ULI Trustee Diana Reid of Pittsburgh, who was the chair of the 2021 ULI Hines jury, remarked on the participants’ ability to rise to the challenge of remote collaboration.

“Even though teams weren’t able to meet in person, they produced proposals that were every bit as sophisticated as in prior years,” she said. “It was inspiring for the jurors to see the next generation of the real estate industry. Ultimately, the final four teams had a strong vision aligned with the challenge, balanced urban design with financial feasibility, demonstrated teamwork, and showed potential to improve on their original proposals in the finals.”

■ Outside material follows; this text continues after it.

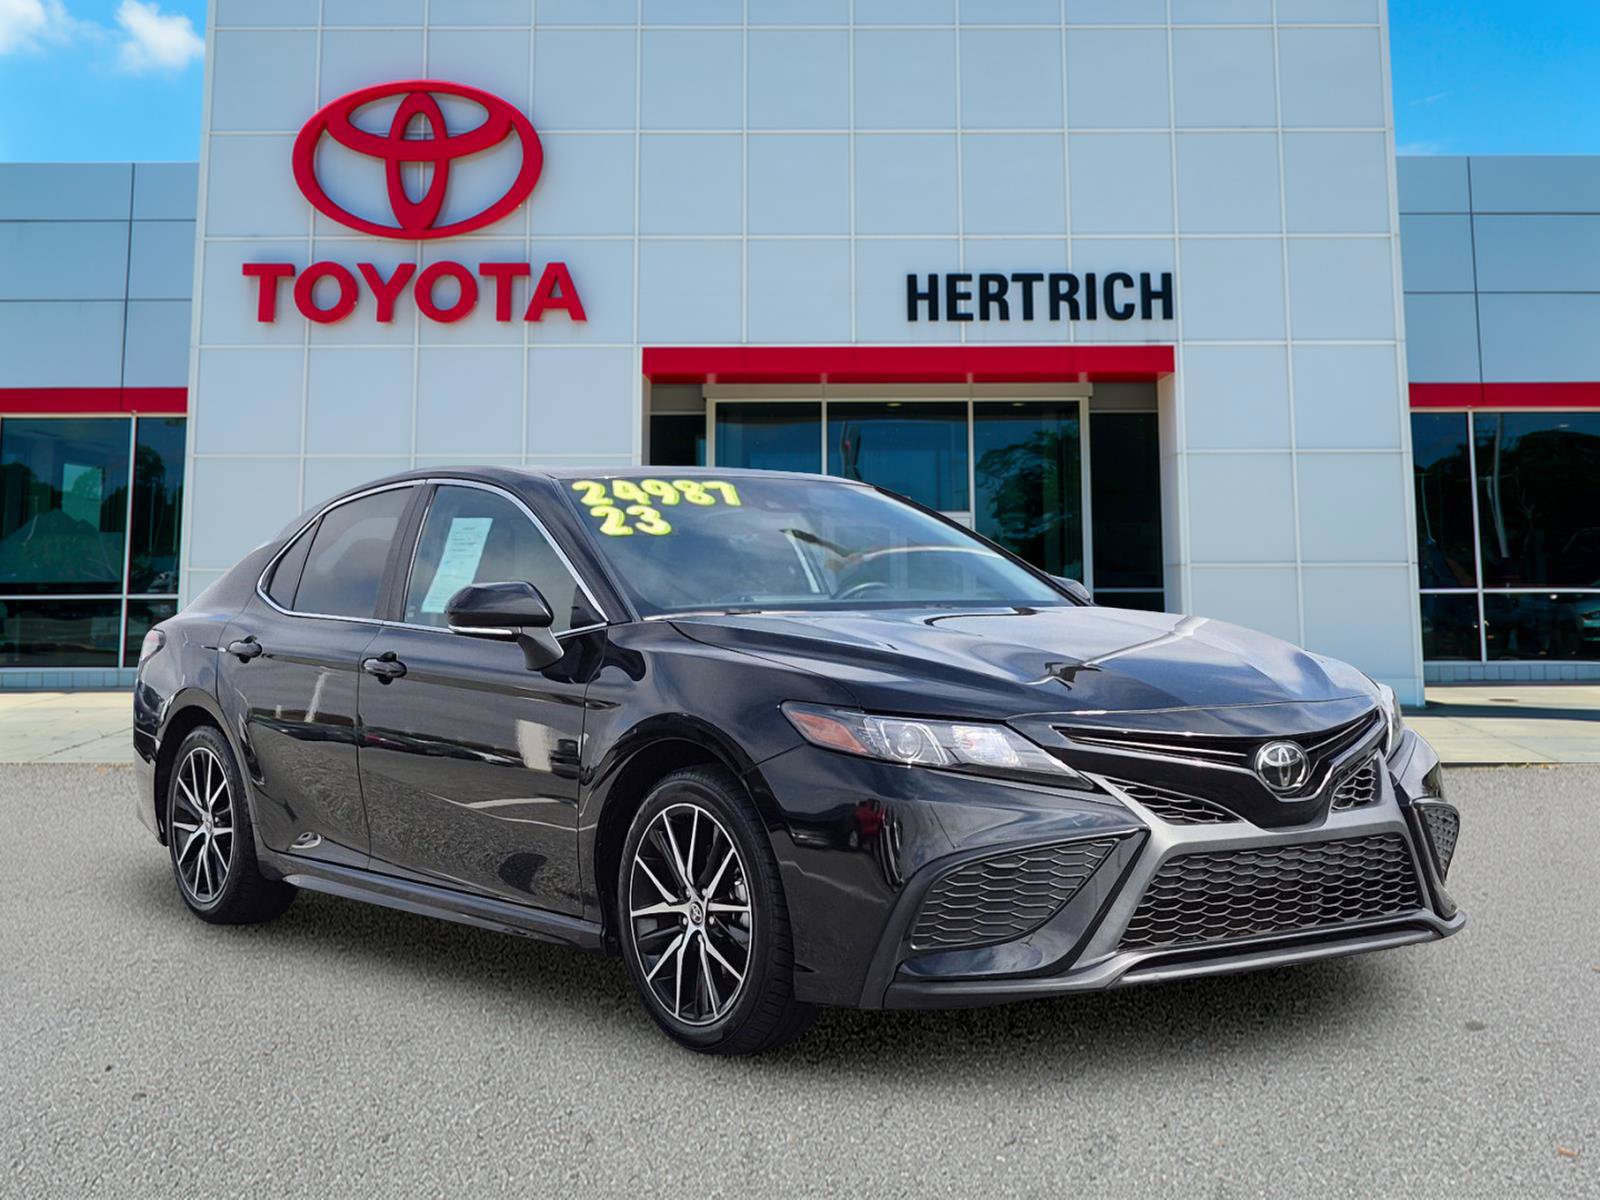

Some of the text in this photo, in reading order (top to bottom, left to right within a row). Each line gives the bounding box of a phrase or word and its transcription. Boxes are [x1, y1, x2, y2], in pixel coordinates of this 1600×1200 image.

[242, 261, 587, 323] TOYOTA
[906, 272, 1174, 322] HERTRICH
[571, 479, 742, 506] 24987
[590, 505, 672, 536] 23

Nine entries received honorable-mention recognition: East Village Link from the University of Calgary; reRoot from the Ohio State University; the Bowline from Columbia University in the City of New York; the Combine from the University of Cincinnati; the Junction from Cornell University; the KC Knot from Carnegie Mellon University; the Prairie from the University of Miami and the University of California, Berkeley; the Spine from the University of Waterloo and the University of Toronto; and the Weave from the University of California, Berkeley.

During the last phase of the competition, the finalist teams will have the opportunity to expand their original projects and provide more detail for their plans. The finalists will meet with local stakeholders on March 5 to learn even more about the site and city, and present to a rehearsal jury on March 19. At the finals on April 8, each team will deliver its presentations in front of the same jury of ULI members that selected the finalists, and the jury will select the winning team that day. The winning team will receive a $50,000 prize, with $5,000 of the total going to the university or universities the team represents. Each of the remaining three finalist teams will receive $10,000.

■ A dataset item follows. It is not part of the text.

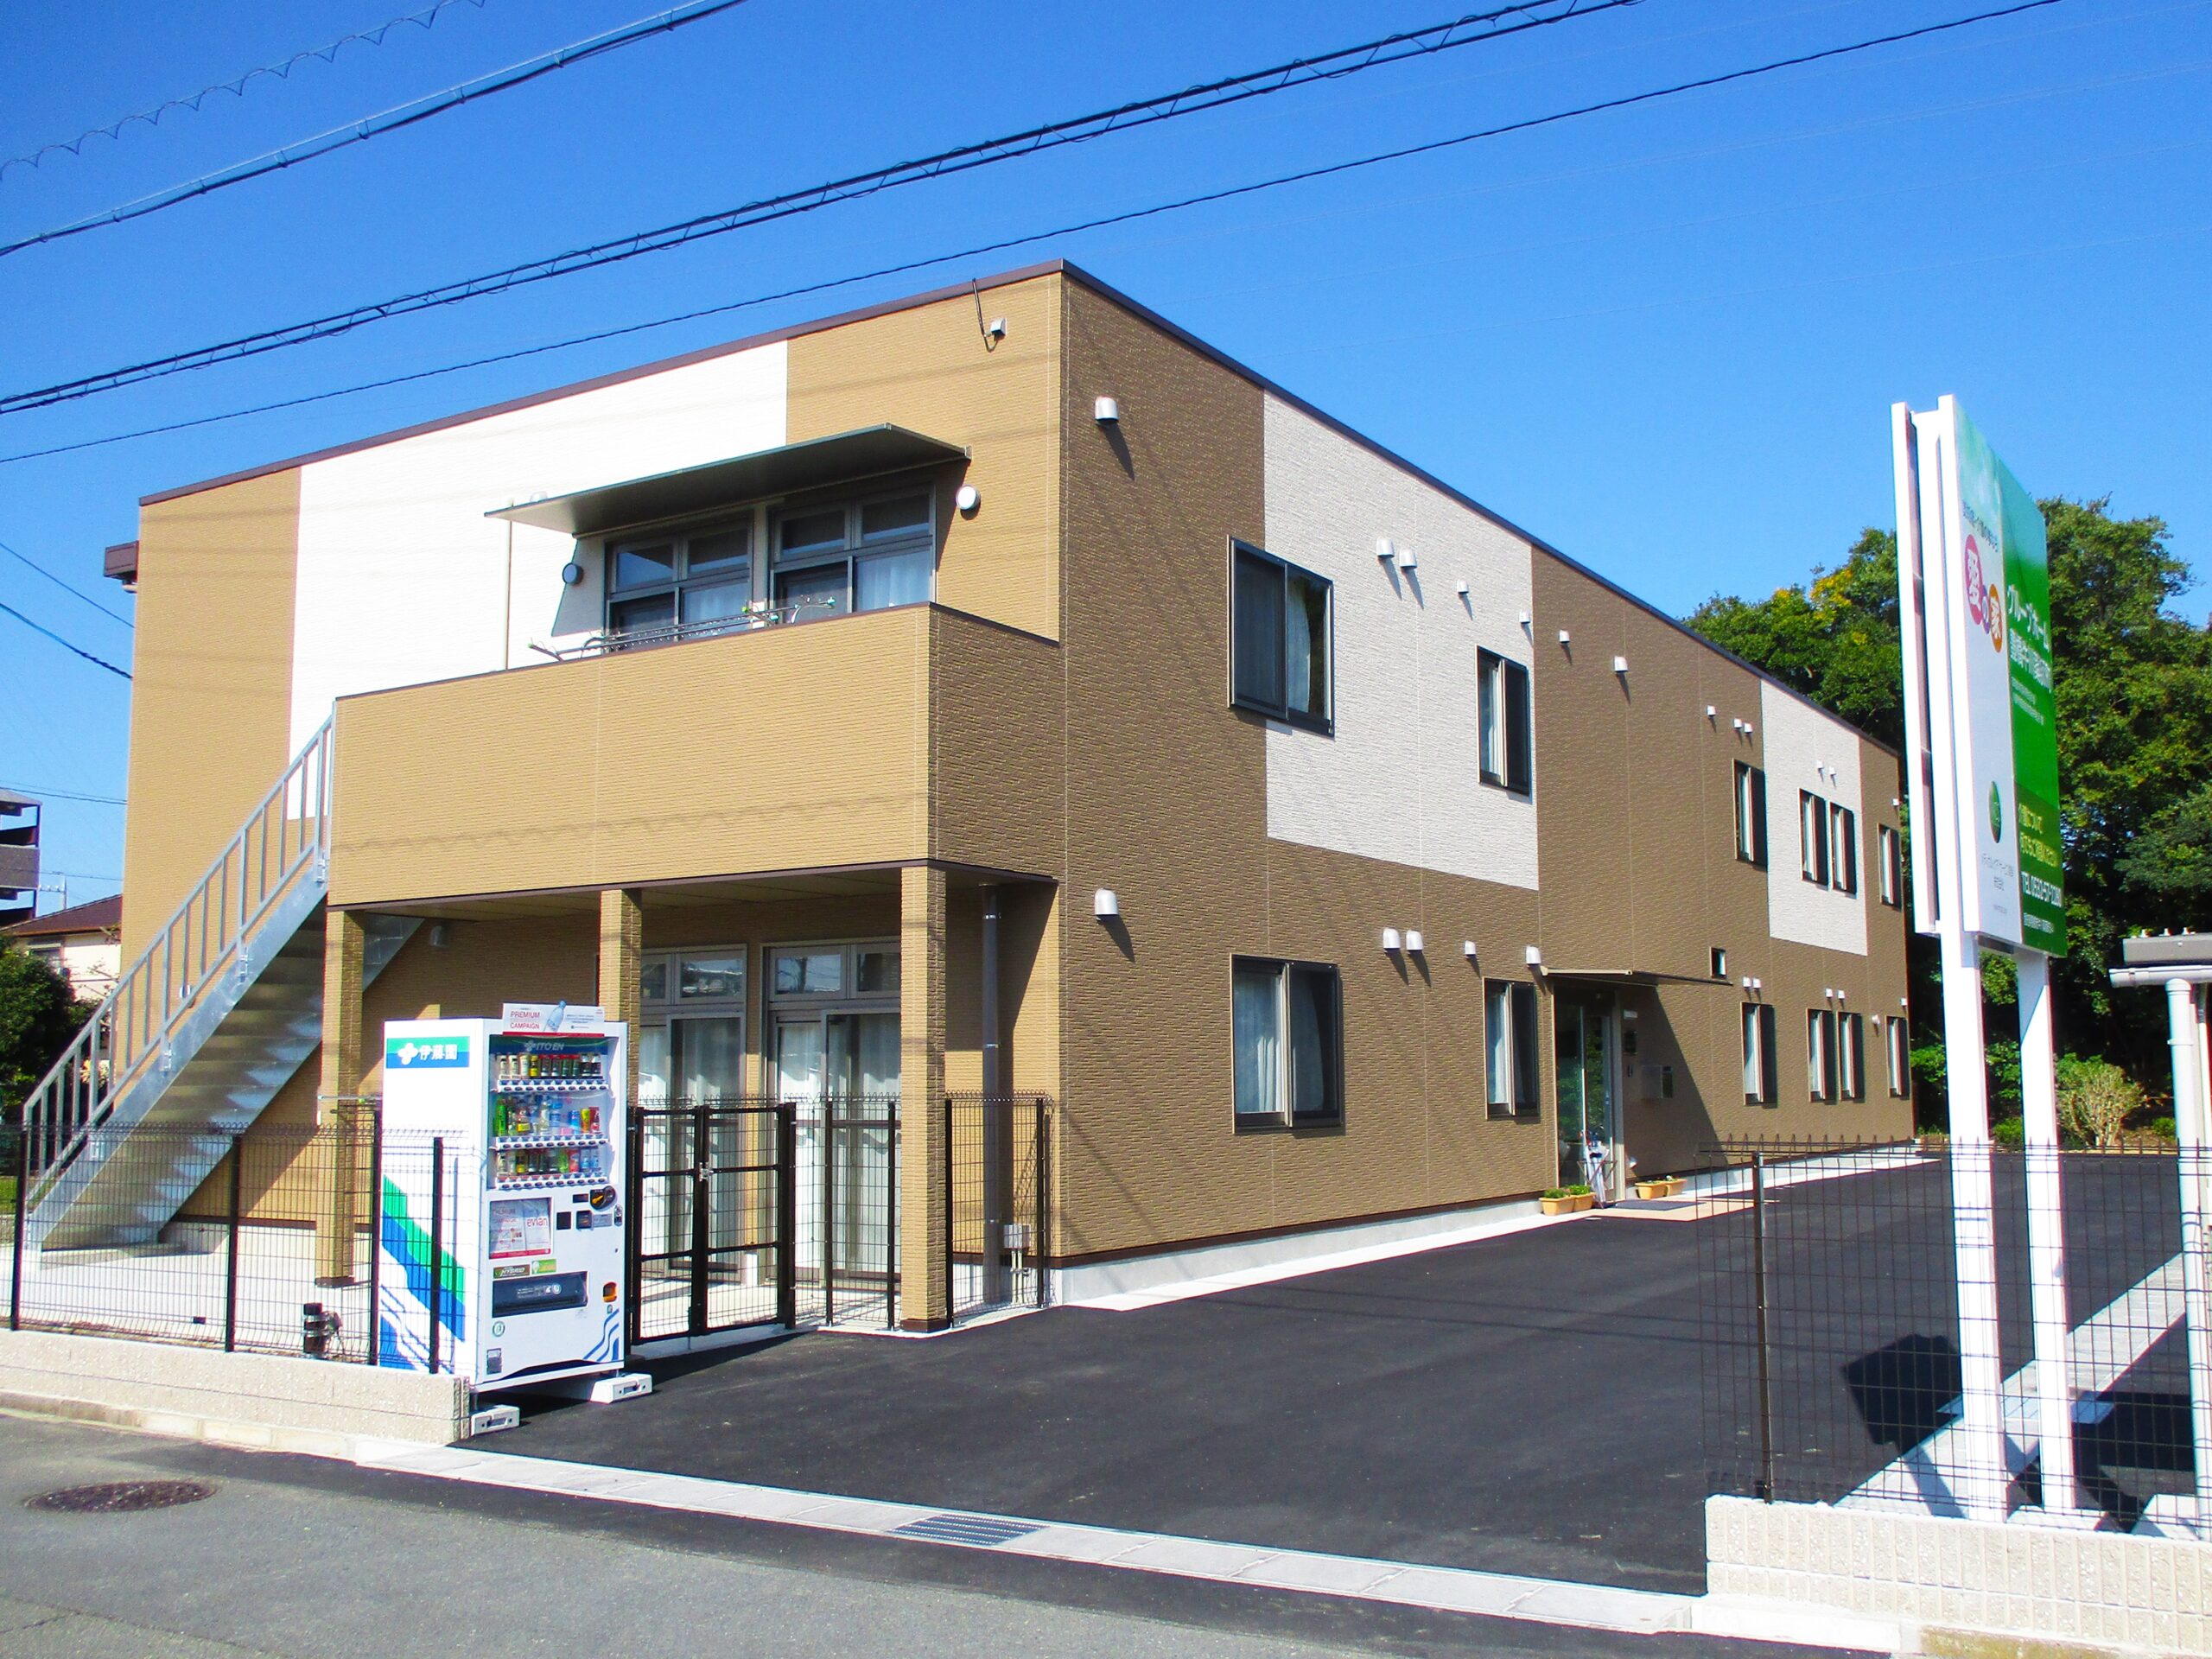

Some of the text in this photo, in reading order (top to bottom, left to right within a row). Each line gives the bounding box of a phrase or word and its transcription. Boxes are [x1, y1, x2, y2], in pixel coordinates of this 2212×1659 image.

The competition jury consists of renowned experts from diverse backgrounds in commercial real estate, land use, and design. In addition to the jury chair, Diana Reid, members of the jury are: Randy Bredar, senior vice president, JE Dunn Construction, Kansas City, Missouri; Lynn Carlton, vice president, regional planning, HOK, Kansas City, Missouri; Fernando Costa, assistant city manager, city of Fort Worth, Texas; John Gilmore, managing director, Walker & Dunlop, New York City; Kona Gray, principal, EDSA, Fort Lauderdale, Florida; Veronica Hackett, principal, the Clarett Group, New York City; Faron A. Hill, founder and president, Peregrine Oak, Atlanta; Steve Kenat, principal, GBBN, Cincinnati, Ohio; Jill McCarthy, senior vice president, Kansas City Area Development Council, Kansas City, Missouri; Susan Meaney, senior adviser, KSL Capital Partners, San Francisco; Joe Perry, vice president, Port KC, Kansas City, Missouri; Geeti Silwal, principal, Perkins+Will, San Francisco; Amy Slattery, founder and chief executive officer, Odimo, Kansas City, Missouri; Lauren Standish, vice president, HGOR, Atlanta; Margaret Wylde, chief executive officer, ProMatura Group LLC, Oxford, Mississippi.

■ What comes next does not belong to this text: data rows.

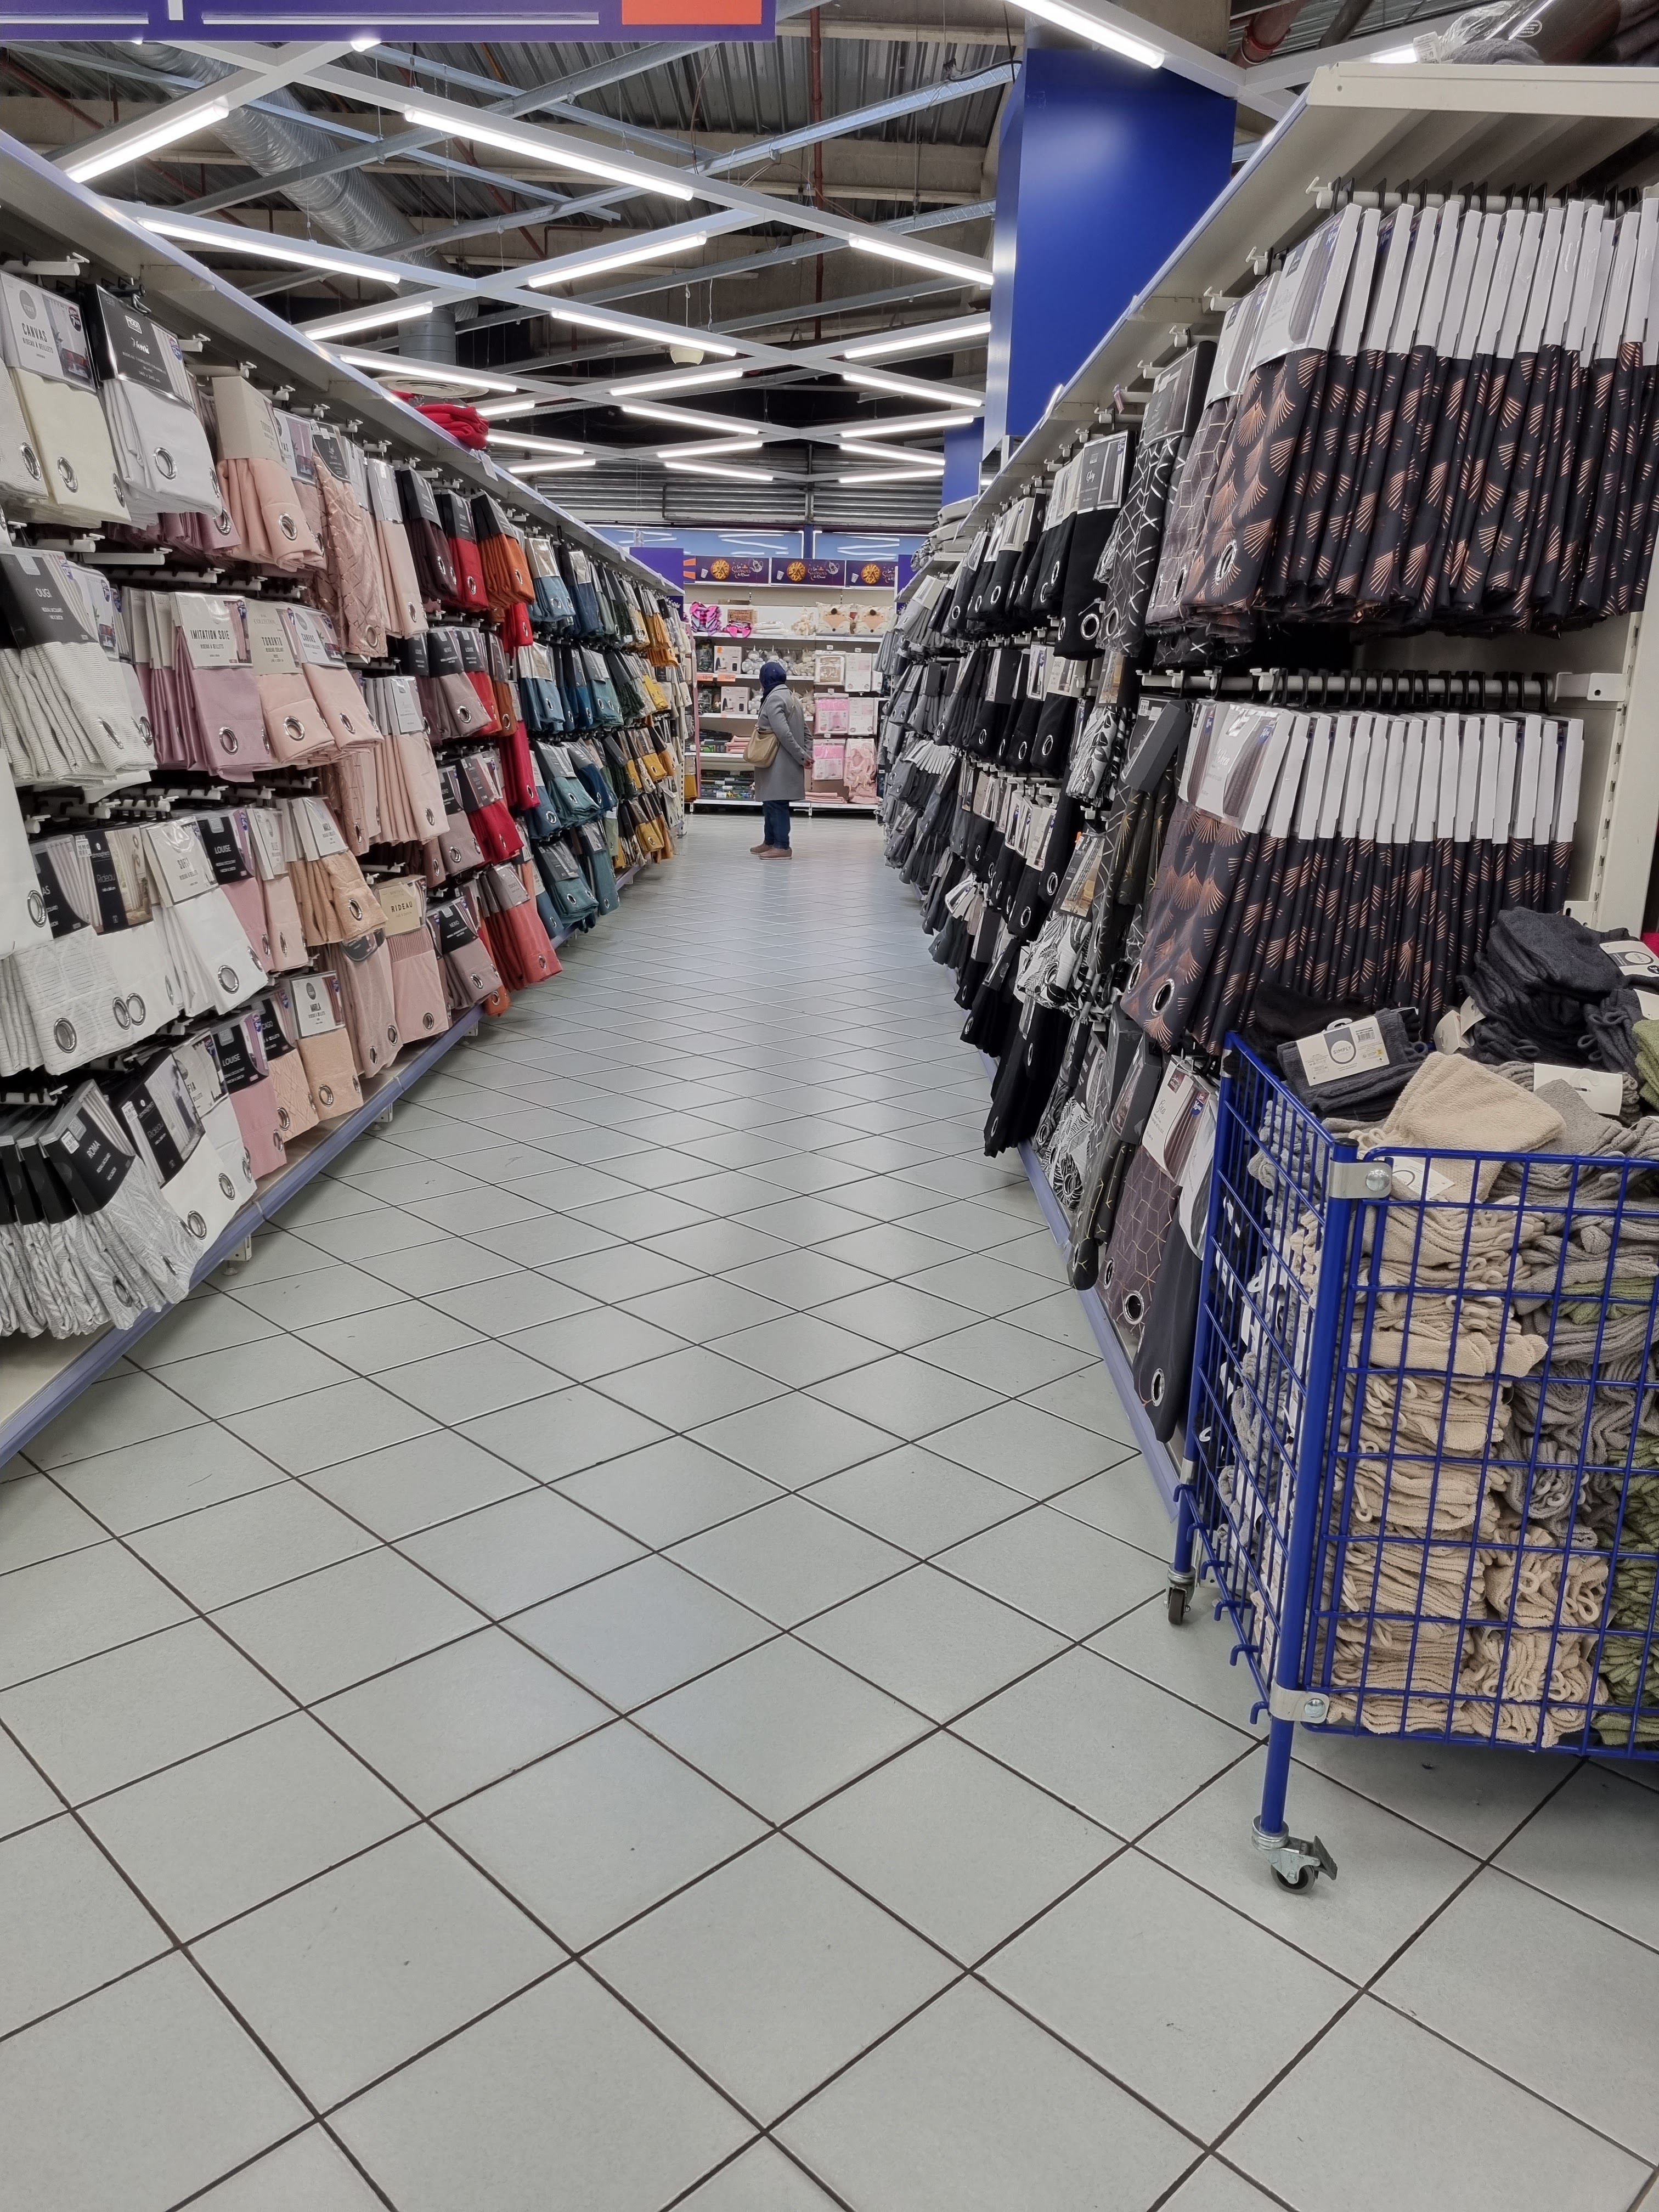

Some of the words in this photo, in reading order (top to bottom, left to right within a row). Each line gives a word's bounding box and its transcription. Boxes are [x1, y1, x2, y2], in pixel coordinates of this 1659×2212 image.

[22, 323, 48, 343] CANVAS
[190, 629, 217, 640] IMITATION
[218, 630, 230, 640] SOIE
[261, 636, 283, 646] TORONTO
[215, 844, 232, 854] LOUISE
[96, 874, 116, 884] Rideau
[391, 901, 413, 913] RIDEAU
[1333, 1046, 1352, 1055] SIMPLY
[222, 1053, 241, 1066] LOUISE
[86, 1140, 101, 1159] ROMA

The ULI Hines Student Competition was created with a generous endowment from longtime ULI leader Gerald Hines, the late founder of the Hines real estate organization. The program is part of an ongoing ULI effort to raise interest among young people in creating better communities and improving urban development patterns. The competition encourages cooperation and teamwork—necessary talents in the planning, design, and development of sustainable communities—among future land use professionals and allied professions. More information about the 2021 competition is available online.